* **Exercise**
The copy has to match the data exactly and leave out every picture.

=-=-=

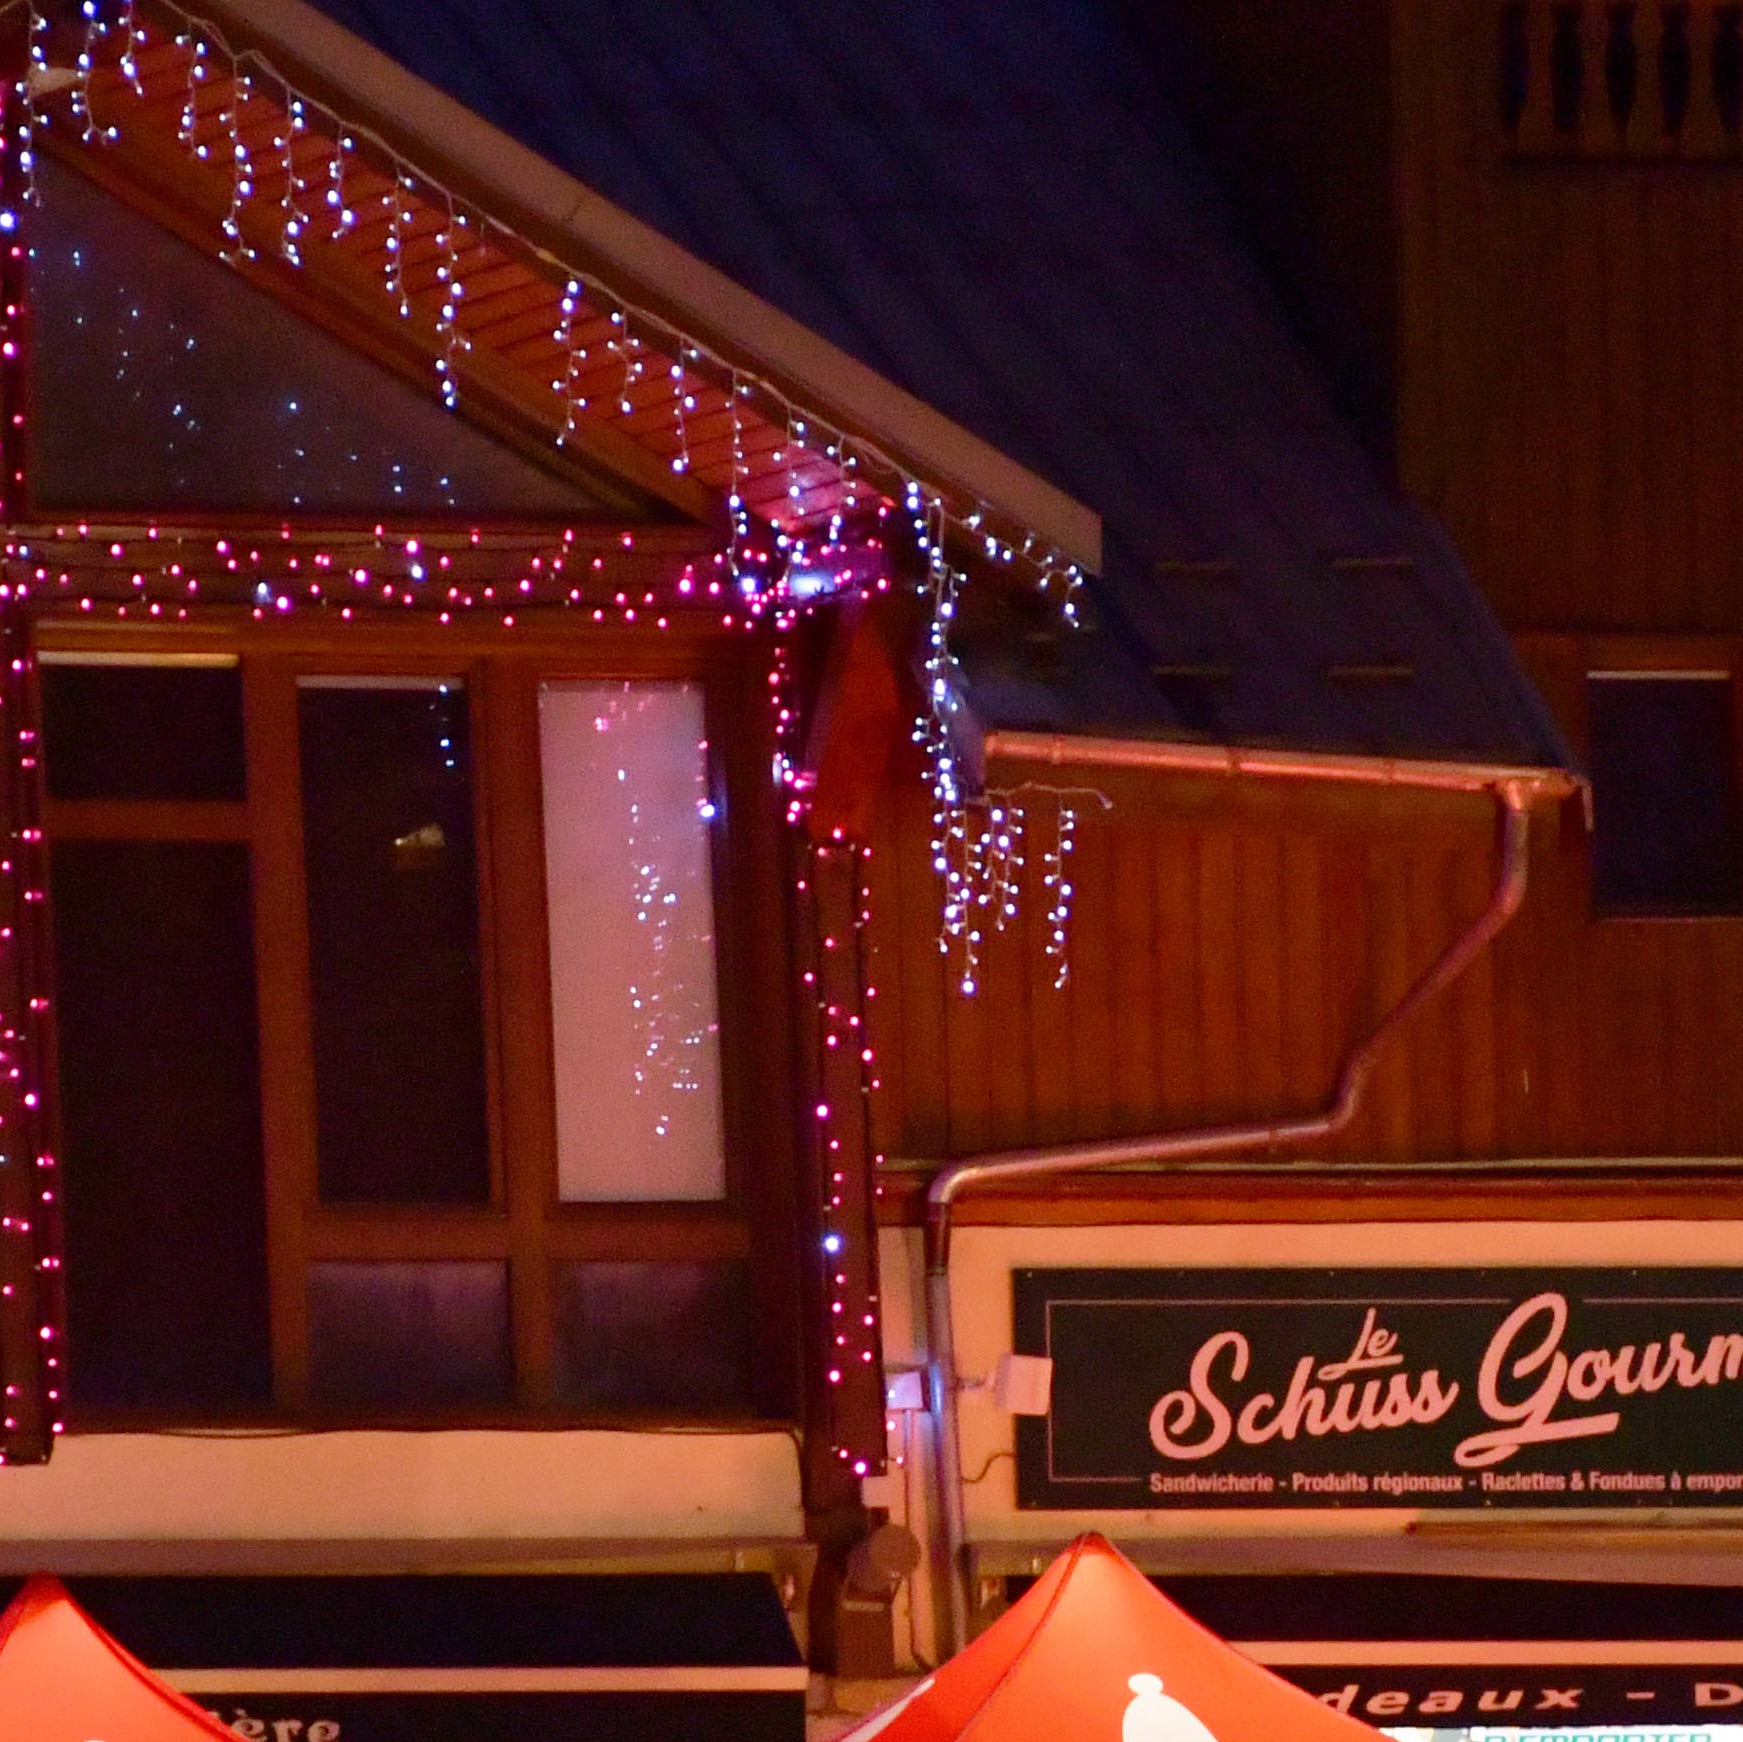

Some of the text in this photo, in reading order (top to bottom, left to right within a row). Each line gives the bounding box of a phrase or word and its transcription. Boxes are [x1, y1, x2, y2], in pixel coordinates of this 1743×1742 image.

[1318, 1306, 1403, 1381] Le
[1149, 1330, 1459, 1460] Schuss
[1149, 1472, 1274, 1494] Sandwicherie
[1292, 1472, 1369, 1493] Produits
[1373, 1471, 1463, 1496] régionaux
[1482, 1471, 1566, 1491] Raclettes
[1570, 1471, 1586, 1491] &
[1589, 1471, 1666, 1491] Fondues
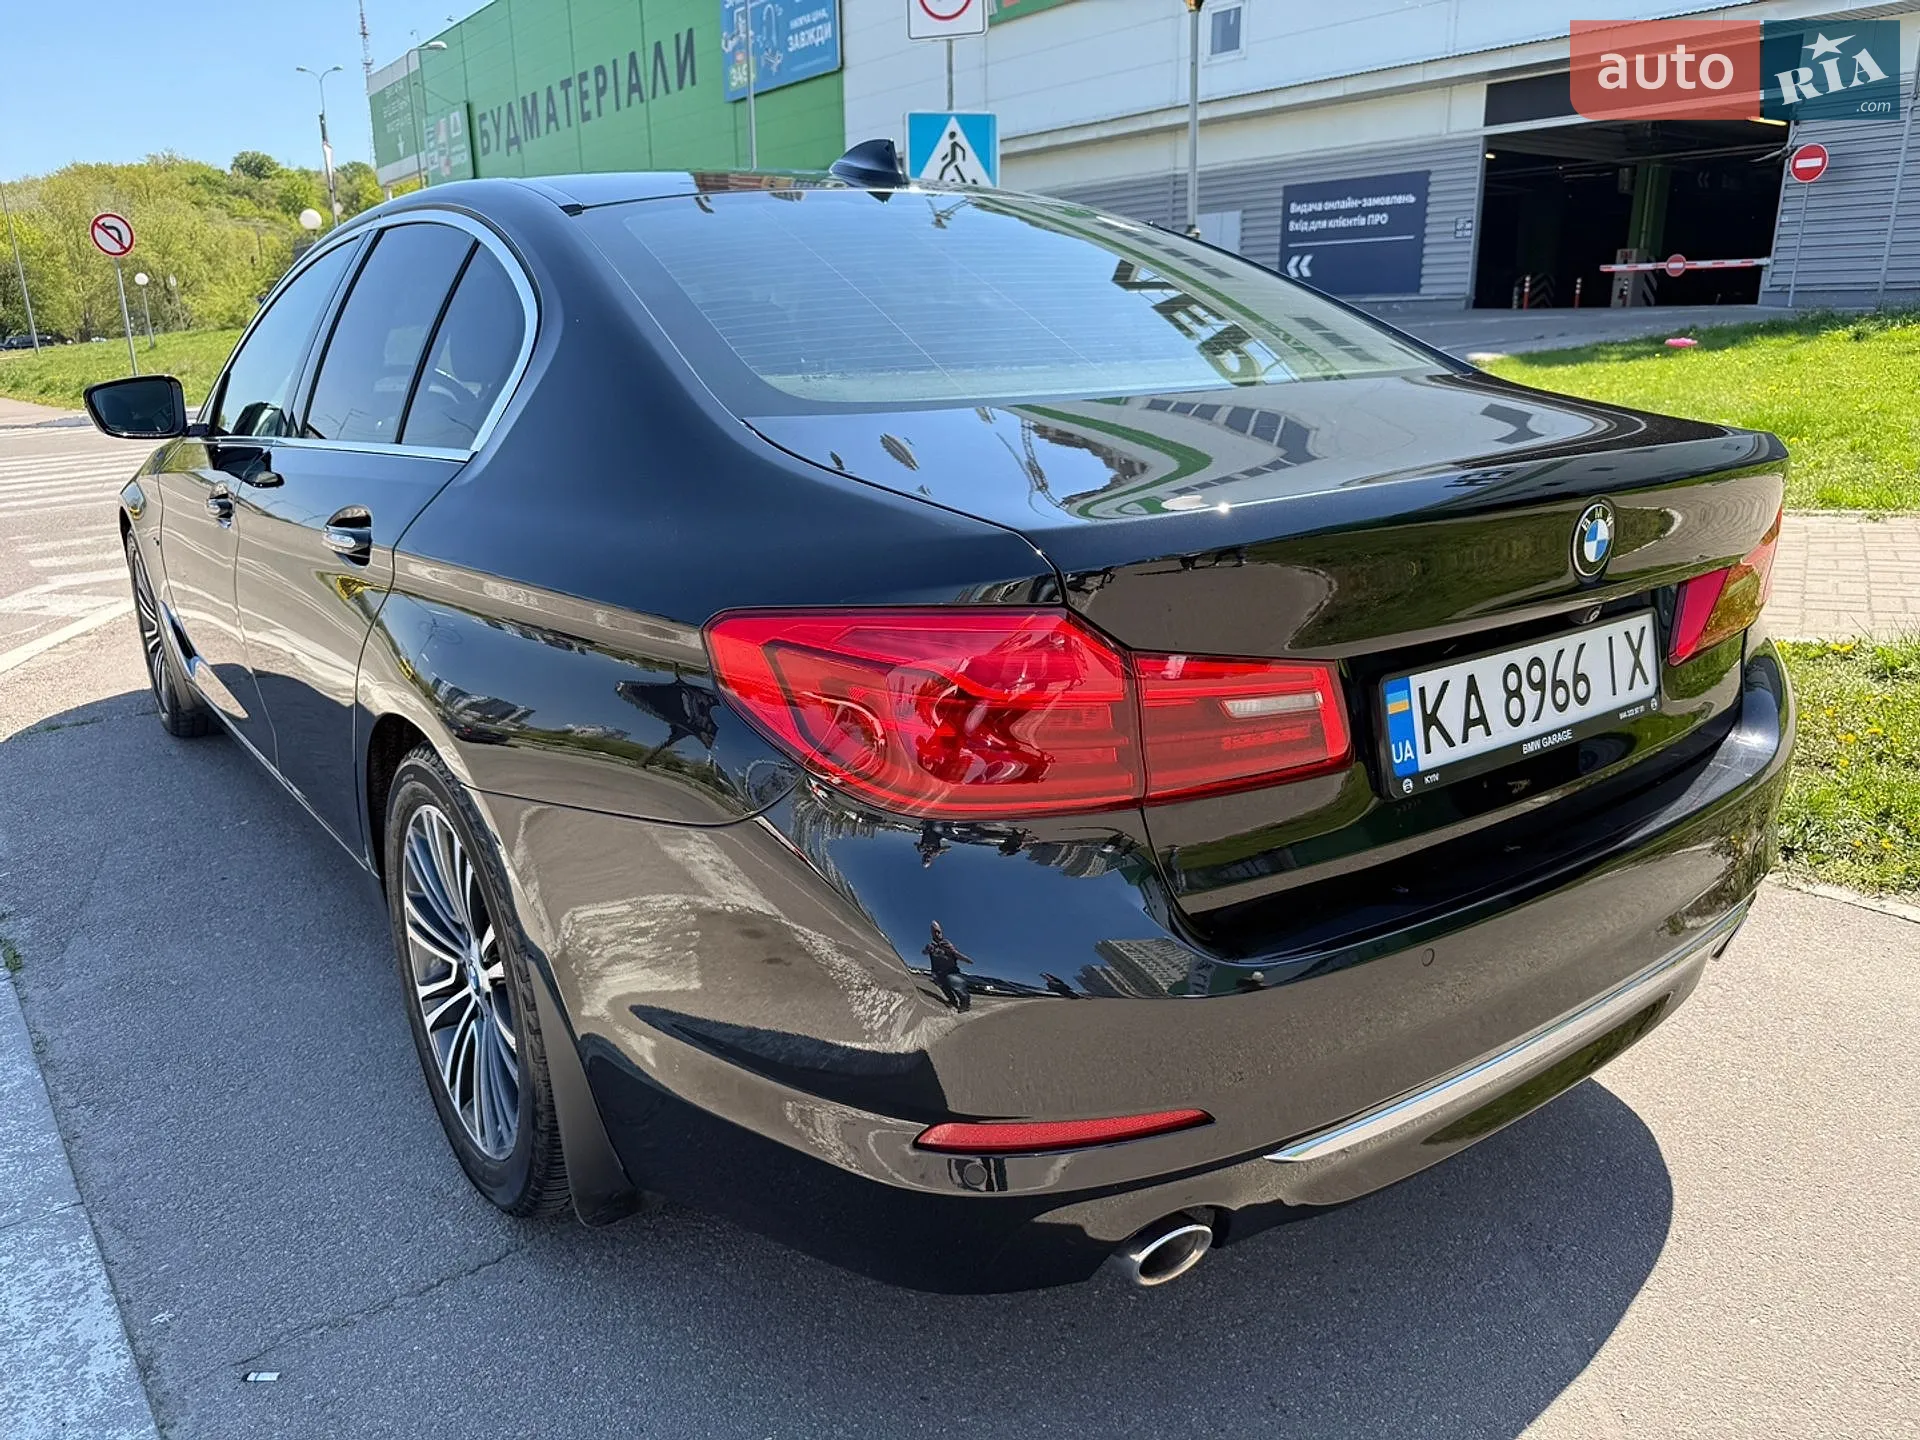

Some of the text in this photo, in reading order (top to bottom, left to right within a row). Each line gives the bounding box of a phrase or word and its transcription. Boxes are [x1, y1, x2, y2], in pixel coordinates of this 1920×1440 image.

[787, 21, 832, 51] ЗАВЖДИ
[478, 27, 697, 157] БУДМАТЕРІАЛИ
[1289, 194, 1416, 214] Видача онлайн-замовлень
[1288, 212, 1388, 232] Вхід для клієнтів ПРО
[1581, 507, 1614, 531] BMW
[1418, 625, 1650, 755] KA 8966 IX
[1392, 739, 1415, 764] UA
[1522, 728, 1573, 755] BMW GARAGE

=-=-=

* **Result for this task**
Some of the text in this photo, in reading order (top to bottom, left to right within a row). Each line gives the bounding box of a phrase or word and its transcription. Boxes are [x1, y1, x2, y2], in pixel coordinates of this 1743×1742 image.

[1318, 1306, 1403, 1381] Le
[1149, 1330, 1459, 1460] Schuss
[1149, 1472, 1274, 1494] Sandwicherie
[1292, 1472, 1369, 1493] Produits
[1373, 1471, 1463, 1496] régionaux
[1482, 1471, 1566, 1491] Raclettes
[1570, 1471, 1586, 1491] &
[1589, 1471, 1666, 1491] Fondues

Some of the text in this photo, in reading order (top to bottom, left to right within a row). Each line gives the bounding box of a phrase or word and its transcription. Boxes are [x1, y1, x2, y2], in pixel coordinates of this 1920×1440 image.

[787, 21, 832, 51] ЗАВЖДИ
[478, 27, 697, 157] БУДМАТЕРІАЛИ
[1289, 194, 1416, 214] Видача онлайн-замовлень
[1288, 212, 1388, 232] Вхід для клієнтів ПРО
[1581, 507, 1614, 531] BMW
[1418, 625, 1650, 755] KA 8966 IX
[1392, 739, 1415, 764] UA
[1522, 728, 1573, 755] BMW GARAGE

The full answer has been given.